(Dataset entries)
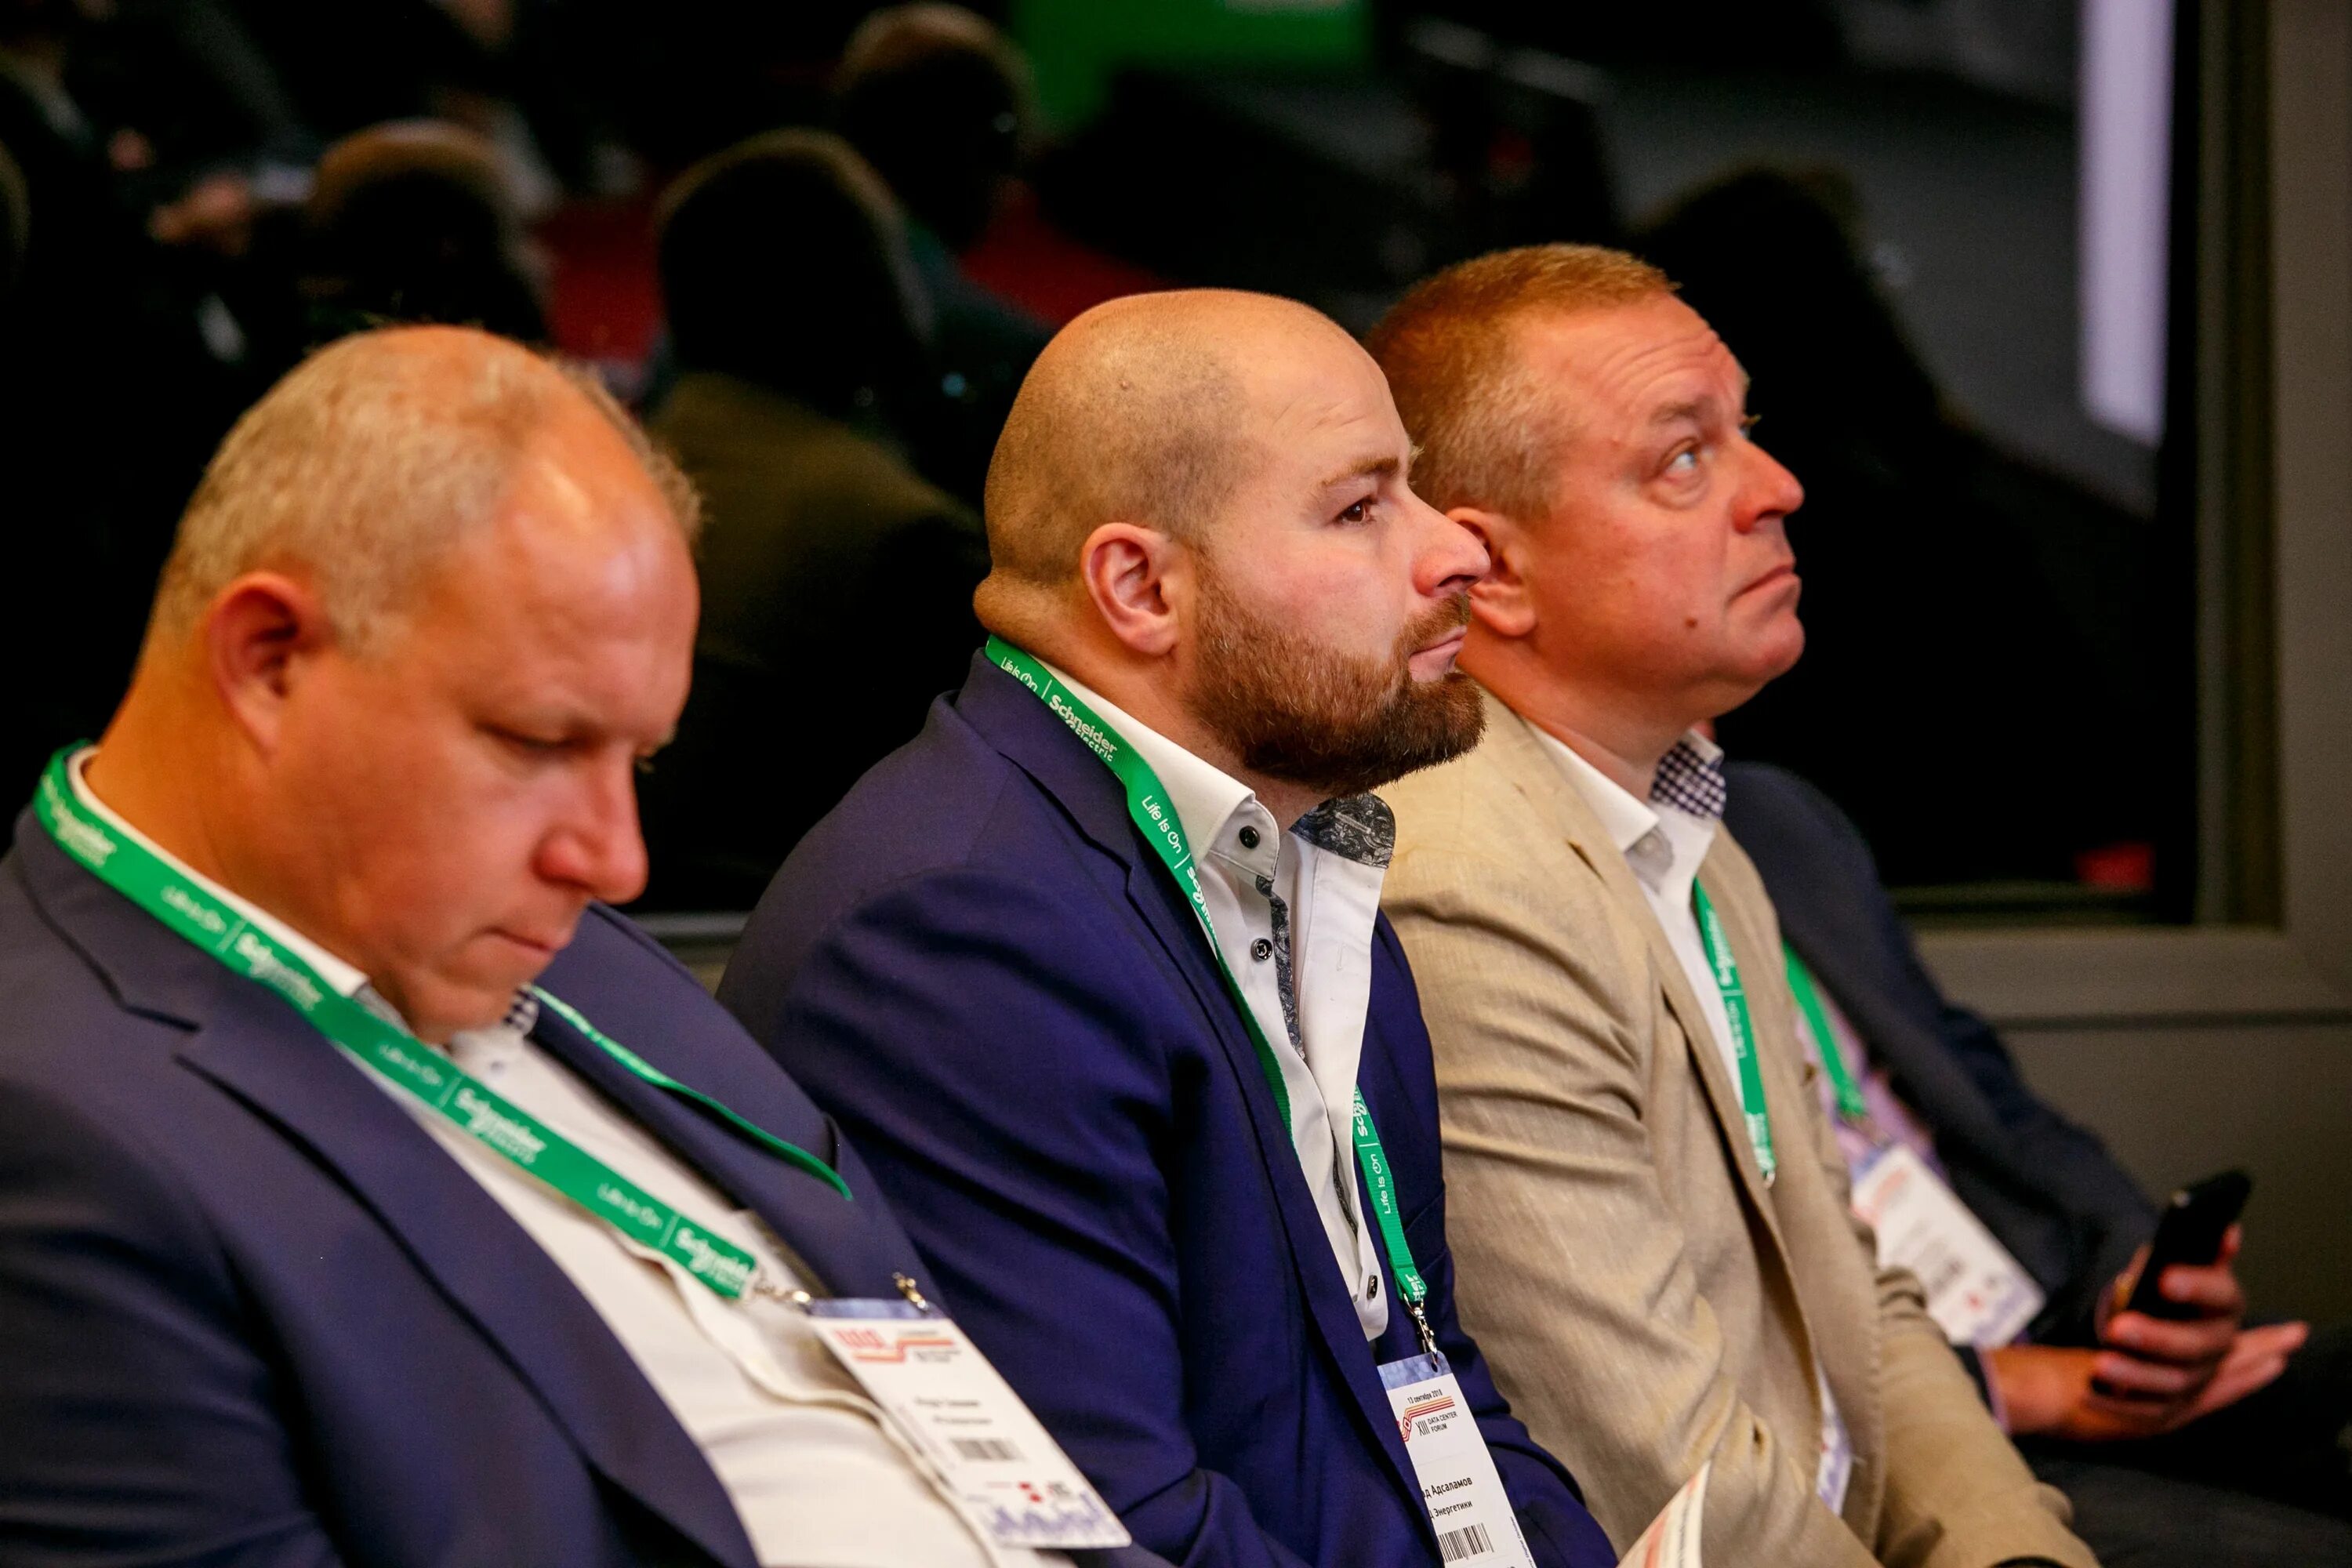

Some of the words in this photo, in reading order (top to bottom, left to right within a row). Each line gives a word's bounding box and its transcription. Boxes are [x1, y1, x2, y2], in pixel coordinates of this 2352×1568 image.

[1049, 695, 1118, 753] Schneider
[1142, 795, 1162, 821] Life
[1157, 818, 1170, 833] Is
[1167, 831, 1182, 854] On
[1370, 1153, 1382, 1174] On
[1377, 1176, 1386, 1188] Is
[1380, 1190, 1392, 1214] Life
[1431, 1388, 1443, 1398] 2018
[1427, 1415, 1440, 1425] DATA
[1439, 1411, 1458, 1421] CENTER
[1431, 1423, 1448, 1433] FORUM
[1431, 1477, 1473, 1497] Адсаламов
[1433, 1501, 1473, 1517] Энергетики

* [TASK] Retype each entry exactly. No pictures.

* [EXERCISE RESULT]
Some of the words in this photo, in reading order (top to bottom, left to right within a row). Each line gives a word's bounding box and its transcription. Boxes are [x1, y1, x2, y2], in pixel coordinates of this 2352×1568 image.

[1049, 695, 1118, 753] Schneider
[1142, 795, 1162, 821] Life
[1157, 818, 1170, 833] Is
[1167, 831, 1182, 854] On
[1370, 1153, 1382, 1174] On
[1377, 1176, 1386, 1188] Is
[1380, 1190, 1392, 1214] Life
[1431, 1388, 1443, 1398] 2018
[1427, 1415, 1440, 1425] DATA
[1439, 1411, 1458, 1421] CENTER
[1431, 1423, 1448, 1433] FORUM
[1431, 1477, 1473, 1497] Адсаламов
[1433, 1501, 1473, 1517] Энергетики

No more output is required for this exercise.